They entered a very large foyer. There was a demonic statue in the middle that seemed to spew out a red substance that might be blood. Around the blood, fountain were large pillars, each covered in horrific imagery. They were depictions of malformed and animalistic people, all engaged in extremely violent acts.
“See, Master, this is what we needed. You wasted that time decorating the outside that isn’t going to be used, but the foyer is an important part of a powerful dungeon.”
I had to agree with him. If the goal was to intimidate those entering, his blood-infused foyer was far more impactful than our short hallways to the first puzzle. However, building such a foyer would involve almost wasting as much mana as an entire level. It was true that the effect of hitting someone’s morale couldn’t be measured in mere levels, but in the case of my golems, they wouldn’t be affected by such a scene anyway. Had I sent goblins or new adventurers, it might have had a major effect though.
Maybe, in the future, such a foyer could be designed for my daughter’s dungeons. Then again, I would be a failure as a father if I needed my daughter to use such scary and unwholesome tactics to protect herself. I’d need to come up with something that was still intimidating but didn’t give off such a scary and gross atmosphere.

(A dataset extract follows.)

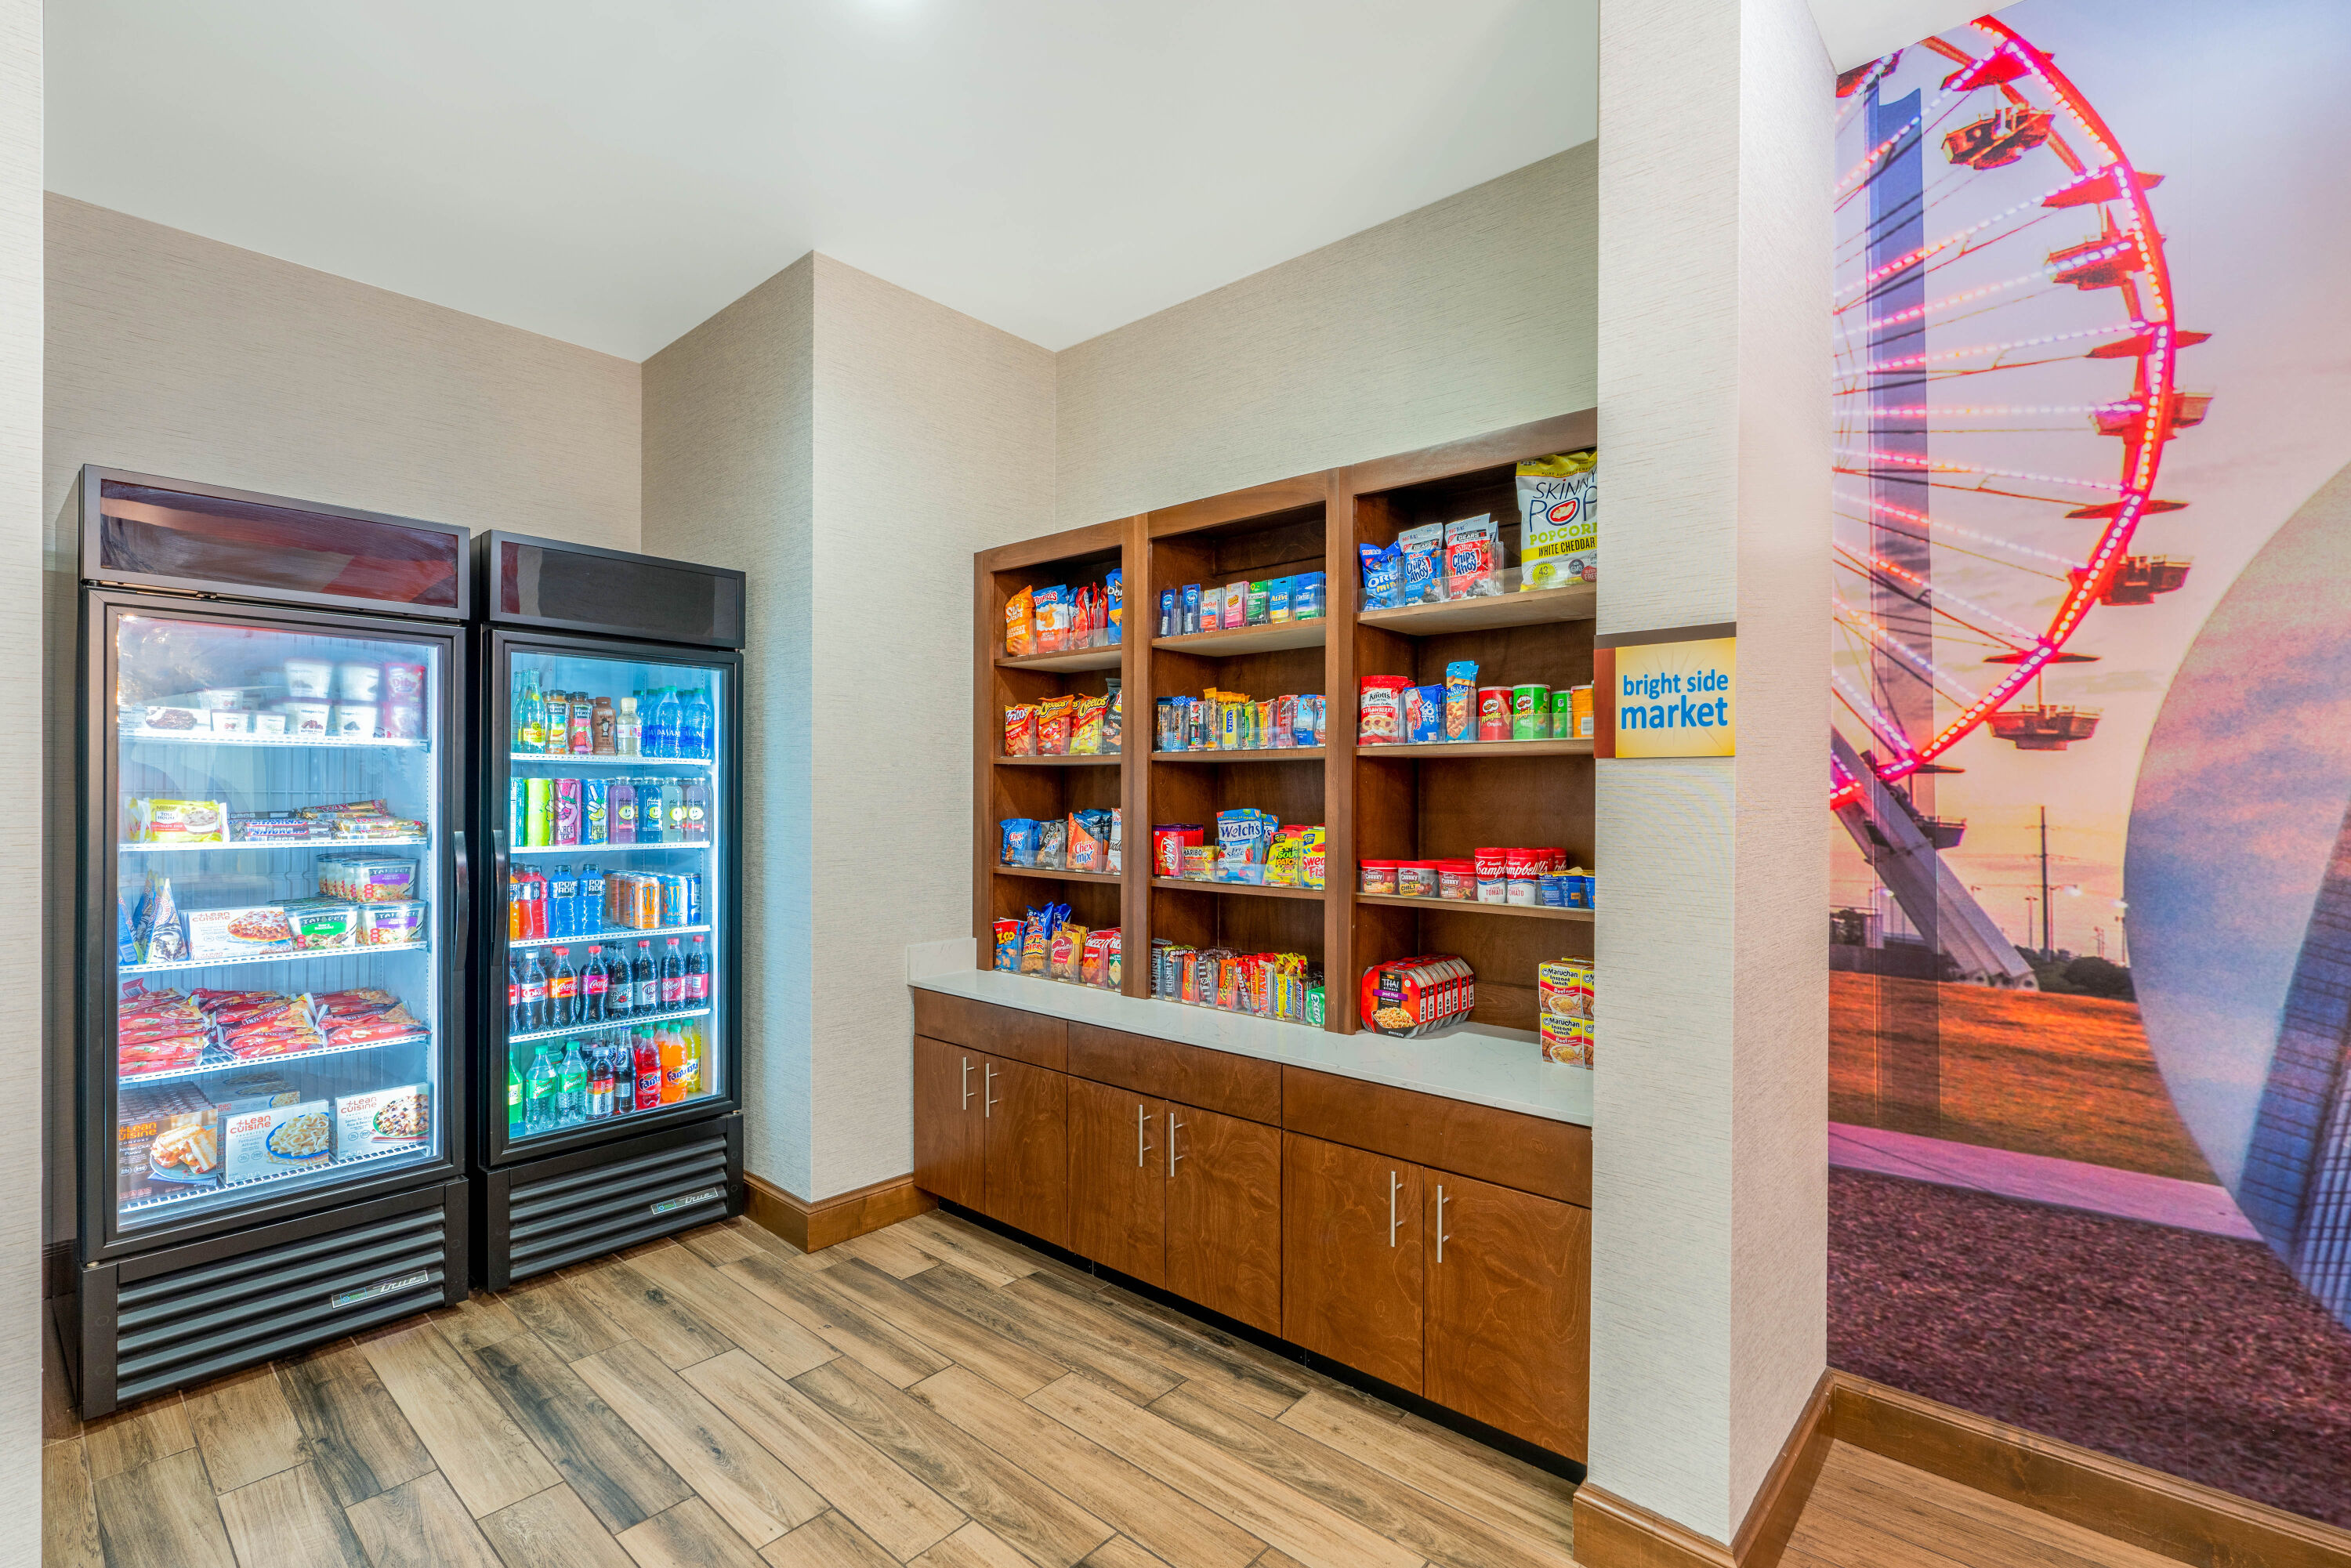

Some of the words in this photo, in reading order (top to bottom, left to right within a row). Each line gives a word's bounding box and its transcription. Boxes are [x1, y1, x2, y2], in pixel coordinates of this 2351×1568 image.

“This is some specialized golem, you say?” Persephone spoke up. “You do realize you can send mana through and see through the eyes of any of your mobs, right? How do you think I’m controlling this imp right now?”
“Then, you wouldn’t be able to see it, would you?” I asked.
Persephone made a noise and then sniffed. “How considerate.”
My true reasoning was a bit simpler though. The eye golem was handy. Most mobs were in the middle of combat most of the time, so it didn’t give me a clear bird’s eye of the battlefield. Of course, I could have just designated one fairy golem a noncombative, but they would still get attacked by the enemy forces. Thus, it was important to design a mob that could fly around and avoids combat. At that point, I might as well design a mob from the ground up to do just that.
Even Persephone had already commented that the image was cleaner than she expected. Mobs needed to blink, and when they walked or flapped their wings they would bounce up and down. Observing in such a manner could make someone sick. There was one more thing that made the golem extremely useful though.
“What’s that!” Matty cried out.
One of my golems was suddenly snagged into the darkness, and a moment later his green dot on the map disappeared. A moment later, another golem that got too close to the shadows was destroyed.
“It’s Oraz’s counterattack.” Persephone leaned forward like she was watching a movie. “They’re hidden assassins attacking from the shadows! What will you do?”
I snorted. “Activate… infrared!”
The camera screen switched to a screen of blues and yellows. Although there was a blood fountain in the center of the chamber, it was quite cold, as was the rest of the place. It was chilly like a grave. Still… I was hoping to see…
“There it is!” I saw a more colorful creature that seemed to be some kind of massive bat moving in the darkness. “Attack at 3 o’clock!”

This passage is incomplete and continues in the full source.